July 28, 2015 in Medical Technology

If you’ve been looking for any set of official guidelines for mobile device security or best practices on keeping medical data safe, there’s finally some serious movement on that front – a standards handbook with reams of valuable insight on the topic.

The National Institute of Standards and Technology, the federal agency charged with developing tech standards, has unveiled its long-awaited mobile security guide, specifically written for safeguarding medical data.

The handbook – see below – currently in draft form is awaiting public comment. It offers healthcare organizations insight on how to bolster mHealth cybersecurity via open-source or commercial tools.

Securing Electronic Records on Mobile Devices, NIST officials point out, provides health IT professionals with “detailed architecture so that they can copy or recreate with different but similar technologies, the security characteristics of the guide.” The guide also outlines NIST standards, best practices and other regulations to adhere to, such as HIPAA.

Among the myriad reasons for compiling such a guide, NIST officials point to a 2012 HHS roundtable on mobile devices, where participants underscored that “many healthcare providers are using mobile devices in healthcare delivery before they have appropriate privacy and security protections in place.”

In fact, 90 percent of healthcare providers are currently utilizing mobile devices within their organizations.

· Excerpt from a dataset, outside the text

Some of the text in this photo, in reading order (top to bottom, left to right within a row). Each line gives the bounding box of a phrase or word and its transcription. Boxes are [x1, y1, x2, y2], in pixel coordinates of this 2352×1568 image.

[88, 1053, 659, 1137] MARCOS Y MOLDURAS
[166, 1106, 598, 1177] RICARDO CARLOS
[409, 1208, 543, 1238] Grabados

“We know from working with them that healthcare organizations want to protect their clients’ personal information and themselves from the high costs associated with breaches,” said Donna Dodson, director of NIST’s National Cybersecurity Center of Excellence, in a statement. “This guide can be an important tool among the many they use to reduce risk.”

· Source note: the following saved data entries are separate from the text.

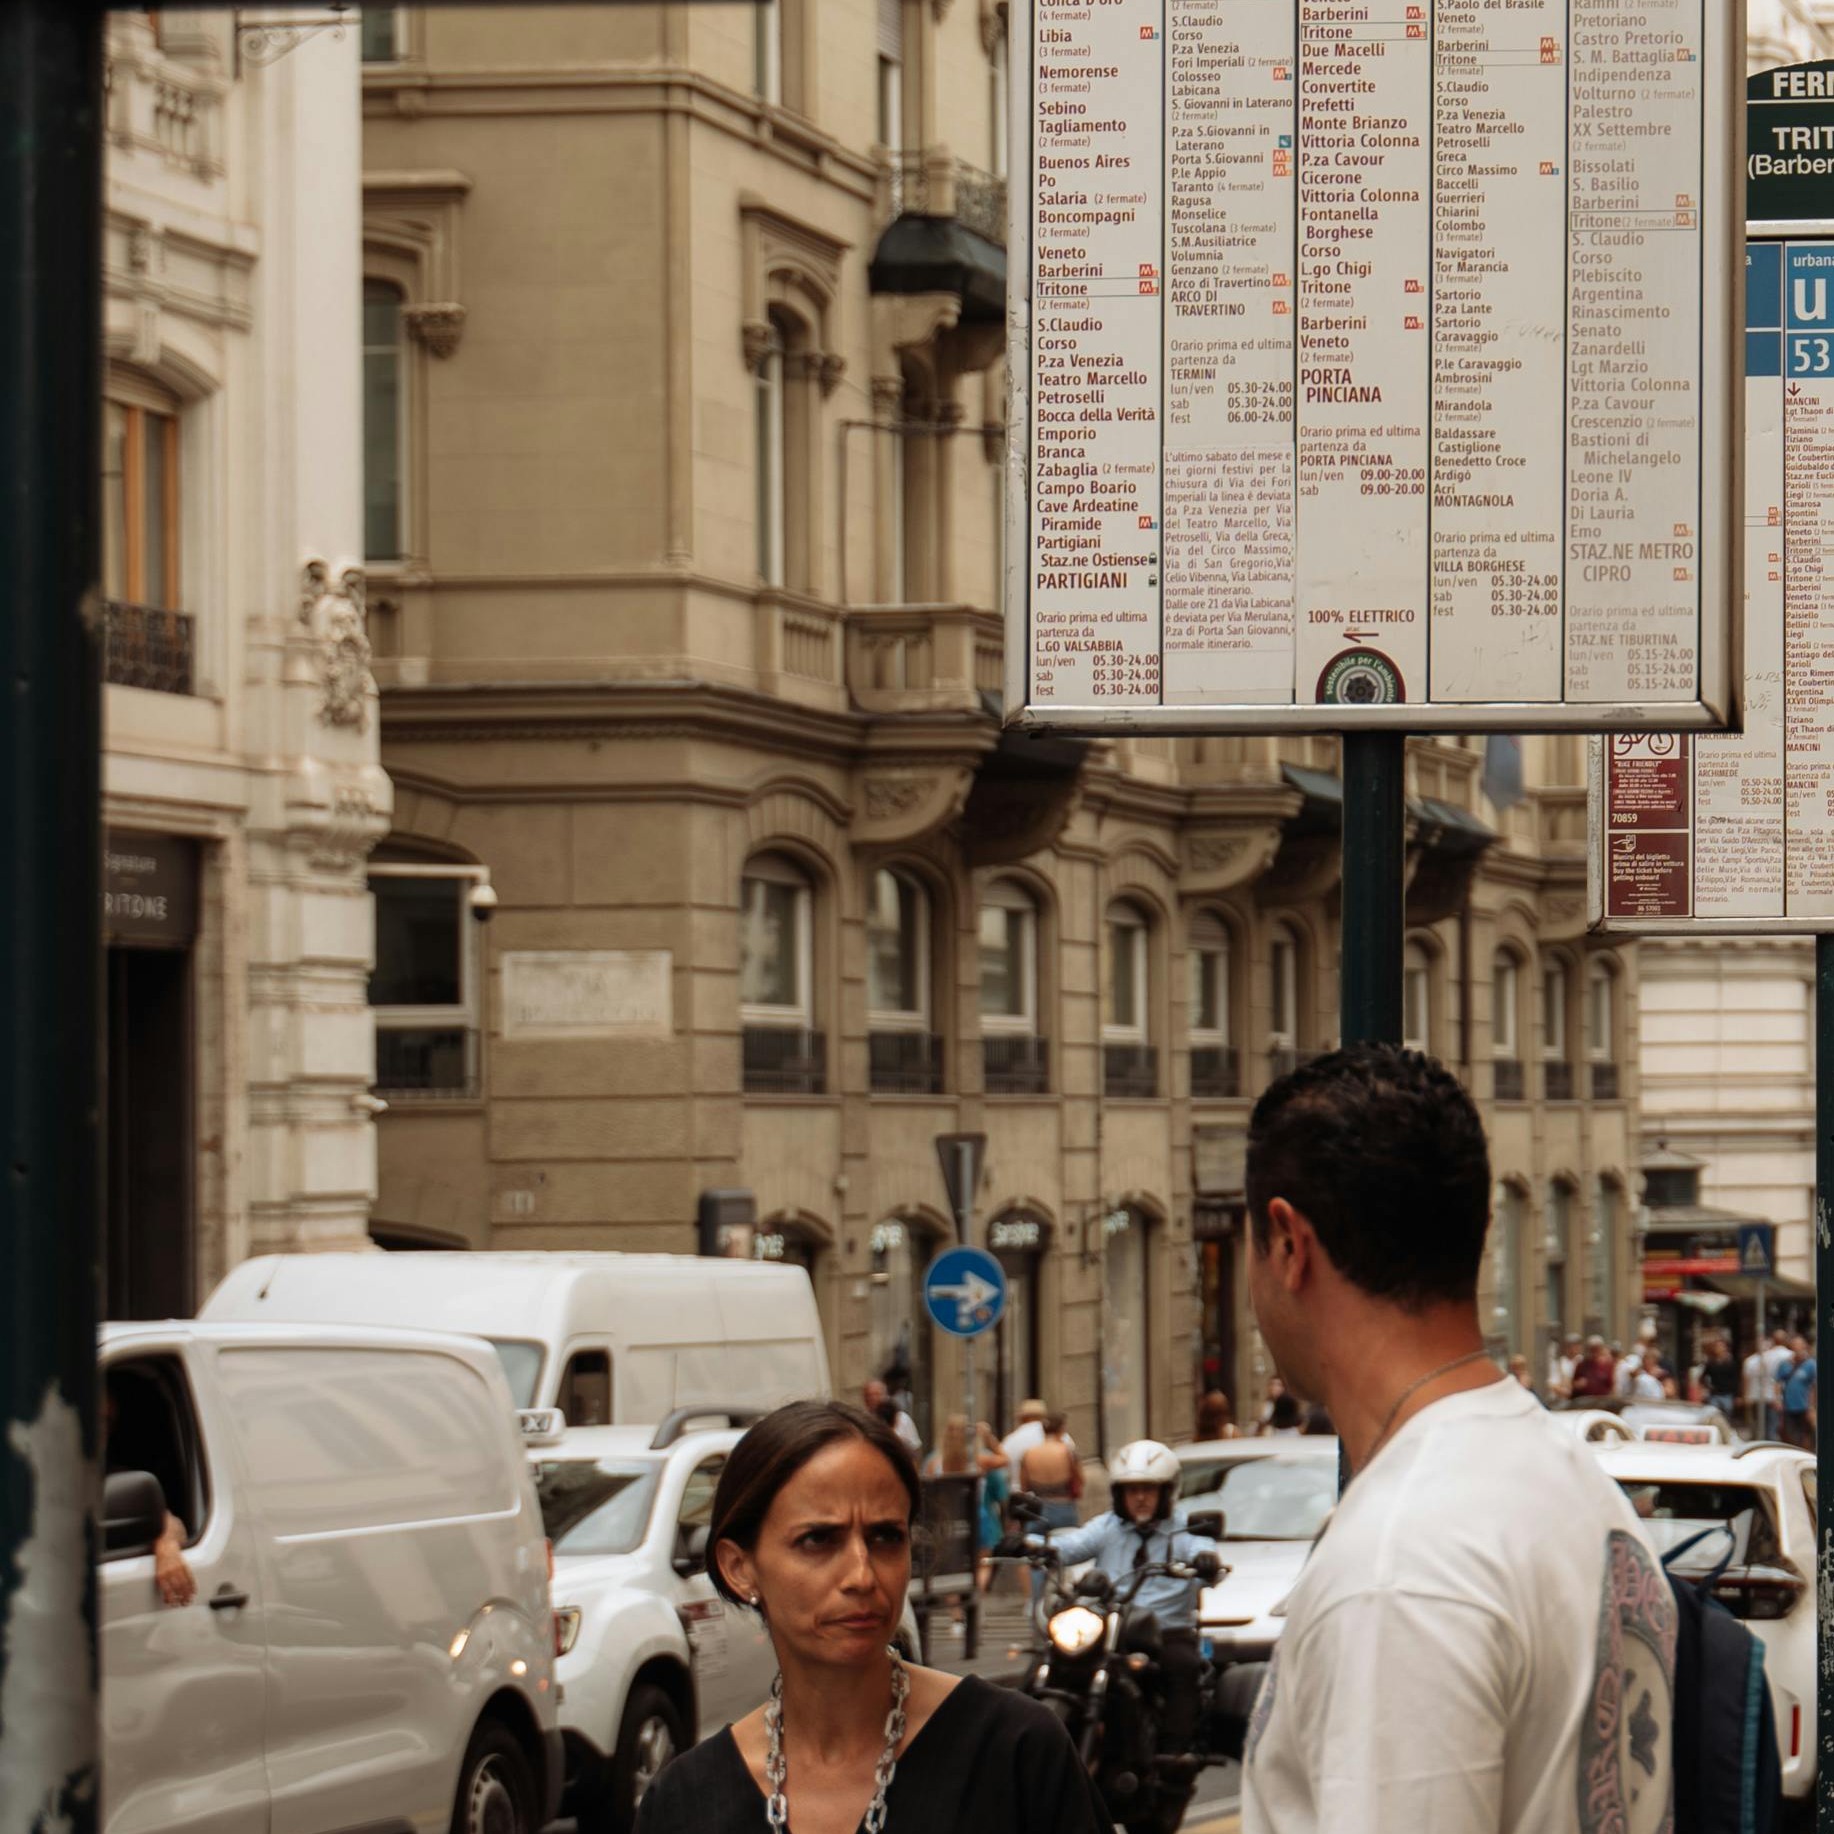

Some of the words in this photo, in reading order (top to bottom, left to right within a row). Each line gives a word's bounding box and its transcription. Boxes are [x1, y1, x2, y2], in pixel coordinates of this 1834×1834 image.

[1039, 10, 1048, 22] (4
[1051, 8, 1092, 21] fermate)
[1302, 43, 1329, 58] Due
[1334, 42, 1385, 57] Macelli
[1039, 65, 1119, 79] Nemorense
[1171, 70, 1221, 83] Colosseo
[1573, 67, 1672, 85] Indipendenza
[1301, 79, 1376, 94] Convertite
[1038, 118, 1127, 137] Tagliamento
[1572, 122, 1592, 137] XX
[1597, 121, 1672, 137] Settembre
[1301, 133, 1355, 149] Vittoria
[1360, 133, 1420, 148] Colonna
[1039, 155, 1090, 170] Buenos
[1095, 154, 1130, 168] Aires
[1436, 164, 1464, 176] Circo
[1467, 164, 1518, 176] Massimo
[1038, 190, 1088, 206] Salaria
[1094, 193, 1104, 206] (2
[1106, 192, 1147, 205] fermate)
[1038, 207, 1135, 226] Boncompagni
[1301, 206, 1379, 221] Fontanella
[1171, 235, 1257, 248] S.M.Ausiliatrice
[1435, 247, 1495, 262] Navigatori
[1794, 278, 1827, 321] u
[1175, 303, 1246, 317] TRAVERTINO
[1571, 340, 1645, 356] Zanardelli
[1794, 338, 1830, 372] 53
[1037, 372, 1082, 387] Teatro
[1086, 371, 1148, 386] Marcello
[1785, 397, 1820, 406] MANCINI
[1037, 408, 1076, 423] Bocca
[1079, 407, 1113, 422] della
[1116, 407, 1155, 422] Verità
[1205, 451, 1238, 462] sabato
[1240, 450, 1255, 461] del
[1260, 452, 1283, 461] mese
[1285, 451, 1292, 461] e
[1583, 450, 1682, 468] Michelangelo
[1433, 494, 1514, 507] MONTAGNOLA
[1037, 572, 1127, 590] PARTIGIANI
[1583, 564, 1632, 583] CIPRO
[1035, 611, 1067, 624] Orario
[1068, 613, 1098, 626] prima
[1100, 611, 1114, 623] ed
[1115, 611, 1148, 623] ultima
[1308, 609, 1344, 624] 100%
[1349, 609, 1415, 623] ELETTRICO
[1035, 654, 1076, 668] lun/ven
[1092, 654, 1159, 667] 05.30-24.00
[1627, 648, 1694, 661] 05.15-24.00
[1325, 656, 1356, 695] sostenibile
[1358, 656, 1375, 666] per
[1611, 812, 1638, 823] 70859

Included in the 82-page how-to guide, there’s Bind DNS and DNSE installation and hardening tips step-by-step instructions and requirements, etc. There’s Access Point advice, IPTables firewall how-tos. The guide also details back system best practices, configuration management specifications – including Puppet, production Web server, etc. It underlines intrusion detection systems, certification authority, host and mobile devices security, MDM enrollment and has an entire section on governance, risk and compliance.

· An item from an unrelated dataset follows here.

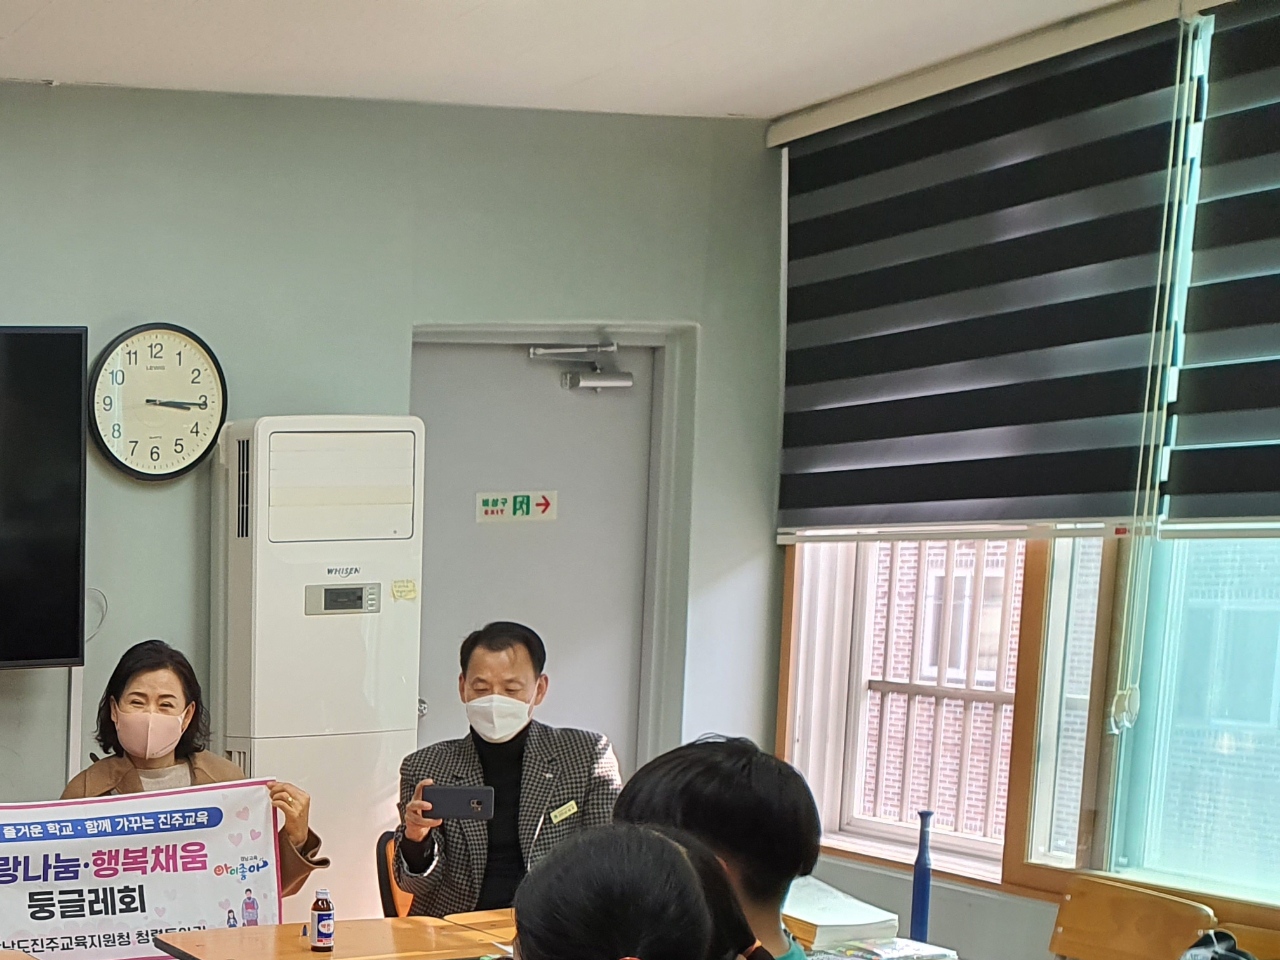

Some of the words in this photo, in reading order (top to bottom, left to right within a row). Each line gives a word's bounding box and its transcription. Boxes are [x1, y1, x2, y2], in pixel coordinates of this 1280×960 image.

NIST officials describe the new guidelines as including a “virtual environment that simulates interaction among mobile devices and an electronic health record system supported by the IT infrastructure of a medical organization.”

In addition to the how-to handbook, the new NIST guidelines include a 16-page manual on relevant mobile device standards and controls mapping, specifically written for the healthcare industry. For each related technology, for instance, say key management, there’s a corresponding table of applicable standards and links to the standards.

The final piece of the guidelines delineates risk assessment and outcomes, based on the business workflow of a typical EHR user.